Know what your performance evidence is
When applying for a job, examples of execution carry more weight when they are quantifiable
"Hiring me will add value to your operation."
"I'm prepared to take on the biggest challenges and come out a winner!"
"You can count on me to tackle all obstacles and generate profit growth simultaneously."
Having the confidence and drive to be strongly competitive in this dog-eat-dog hiring climate is great. The meek don't appear to be in the lead in inheriting this earth in any way that says employment success. Reaching out, promoting — in short, selling yourself, is as combative as ever in employment and those with the stomach and skill for it can come out ahead.
But making claims of greatness can be as fragile as a house of cards in the wind unless there is substance to back up your superlative declarations. You can't call yourself a star performer if there isn't some credible performance evidence to show in fact you can do the things you said you could do.
Knowing what counts as solid performance evidence in your field and being able to clearly cite examples of your achievement in these areas boosts your standing among those making hiring decisions. These deciders can be listening about your performance affirmations at a networking event or in an interview. They can be reading about them in your resume or on your LinkedIn profile. However they learn about those valuable accomplishments of yours that scream, "I'm qualified!" the better off your career can be.
So what really matters in the work you do? Is it meeting quotas, raising profits, mitigating threats, improving lifestyles, expanding market share, stopping hunger, bringing joy to others, elevating student test scores, saving lives, or any number of the important things that show you have done what you were hired to do? We all have a rather limited set of crucial outcomes or objectives to realize in our jobs. Knowing exactly what they are and keeping track of your attainment of these goals is a good place to start in identifying your performance evidence.
Examples of execution carry more weight when they are quantifiable. Numbers can take a statement from subjective to objective, from opinion to fact. But be strategic about the quantities you select in your power statements. Now let's say that I'm trying to prove to stakeholders that I am an excellent retail store manager. Do I talk about how demanding it is to track inventory, handle customers and make good hourly-wage hires? That may all be true, but they don't speak to performance.
Instead, talk about numbers of units sold and employees supervised. Mention specifically how much you reduced operational costs and grew annual sales. Point out the increased percentages of surveyed customer satisfaction and improvements in associate training sessions.
If vetting a candidate, which would you rather hear or read about that person's accomplishments:
"Reduced expenses related to manufacturing operations." vs. "Reduced costs, inventories and cycle times of manufacturing operations, resulting in 52%–68% gross margin increase, 4–10 annual inventory turn increase, and 25% cycle time decrease."
Or how about this:
"Managed operational and capital budgets." vs. "Furnished operational and capital budgets for 18 commercial properties, comprising over $30M in expenditures for over 3.5 million square feet of space."
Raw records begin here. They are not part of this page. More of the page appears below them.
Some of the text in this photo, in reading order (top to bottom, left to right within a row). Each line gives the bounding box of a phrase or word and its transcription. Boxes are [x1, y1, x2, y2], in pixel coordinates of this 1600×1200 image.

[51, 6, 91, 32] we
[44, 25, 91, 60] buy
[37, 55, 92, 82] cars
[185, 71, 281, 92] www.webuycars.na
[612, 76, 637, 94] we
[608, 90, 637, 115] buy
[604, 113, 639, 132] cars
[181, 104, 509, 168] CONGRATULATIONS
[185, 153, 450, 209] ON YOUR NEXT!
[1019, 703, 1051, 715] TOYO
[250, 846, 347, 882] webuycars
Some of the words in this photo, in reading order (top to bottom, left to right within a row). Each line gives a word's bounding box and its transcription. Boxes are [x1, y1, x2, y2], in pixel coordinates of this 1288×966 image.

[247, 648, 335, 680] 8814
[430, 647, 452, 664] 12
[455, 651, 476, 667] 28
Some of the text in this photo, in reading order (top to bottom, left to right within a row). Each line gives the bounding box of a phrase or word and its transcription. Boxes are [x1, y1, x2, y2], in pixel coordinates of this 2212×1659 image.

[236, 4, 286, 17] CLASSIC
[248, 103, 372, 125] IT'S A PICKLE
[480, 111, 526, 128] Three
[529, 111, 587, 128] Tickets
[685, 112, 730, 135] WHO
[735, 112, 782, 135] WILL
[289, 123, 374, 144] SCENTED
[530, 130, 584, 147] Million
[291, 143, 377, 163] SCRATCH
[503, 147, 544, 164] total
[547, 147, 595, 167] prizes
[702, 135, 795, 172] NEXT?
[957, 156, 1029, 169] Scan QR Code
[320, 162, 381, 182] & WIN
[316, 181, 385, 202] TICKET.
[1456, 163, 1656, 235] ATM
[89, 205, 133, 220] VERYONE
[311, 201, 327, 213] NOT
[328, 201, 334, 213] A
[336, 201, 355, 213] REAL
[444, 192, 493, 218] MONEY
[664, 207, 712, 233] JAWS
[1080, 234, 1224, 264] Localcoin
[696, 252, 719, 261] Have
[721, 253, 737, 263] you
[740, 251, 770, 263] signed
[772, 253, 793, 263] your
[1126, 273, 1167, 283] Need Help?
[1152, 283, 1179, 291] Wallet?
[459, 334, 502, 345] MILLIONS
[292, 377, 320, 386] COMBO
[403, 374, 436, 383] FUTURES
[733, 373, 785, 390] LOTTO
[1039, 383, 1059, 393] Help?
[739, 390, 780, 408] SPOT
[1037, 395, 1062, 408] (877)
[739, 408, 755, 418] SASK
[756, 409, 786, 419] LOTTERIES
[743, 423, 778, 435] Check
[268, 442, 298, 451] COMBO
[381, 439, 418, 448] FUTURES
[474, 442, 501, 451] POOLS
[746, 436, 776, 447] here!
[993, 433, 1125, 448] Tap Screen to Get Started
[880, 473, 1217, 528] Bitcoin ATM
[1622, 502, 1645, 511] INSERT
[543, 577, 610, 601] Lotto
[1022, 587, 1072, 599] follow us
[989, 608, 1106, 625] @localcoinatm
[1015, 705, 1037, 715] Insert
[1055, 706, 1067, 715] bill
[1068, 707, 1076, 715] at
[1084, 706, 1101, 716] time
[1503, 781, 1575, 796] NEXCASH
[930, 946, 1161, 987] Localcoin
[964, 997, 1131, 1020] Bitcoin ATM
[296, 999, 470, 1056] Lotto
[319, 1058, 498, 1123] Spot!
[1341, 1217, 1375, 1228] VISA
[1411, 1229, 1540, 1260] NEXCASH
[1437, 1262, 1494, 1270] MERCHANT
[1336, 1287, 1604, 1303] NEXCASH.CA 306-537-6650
Not all professions embed the collection of performance data into their jobs like sales, financials and medicine, among others. Sometimes it may be necessary for you to do your own logging, even if it's retrospective. Sure it's a hassle, but in less than an hour, and maybe with some help from those who know your work well, you can compile a generous list of quantitative achievements from your recent past. This information can then be presented as demonstrations of your good efforts and workplace worth.
Communicating in terms of performance evidence to hiring managers and recruiters strengthens your position as a job search candidate. So go ahead and announce with confidence your capabilities and potential, but reinforce the message with deeds that count.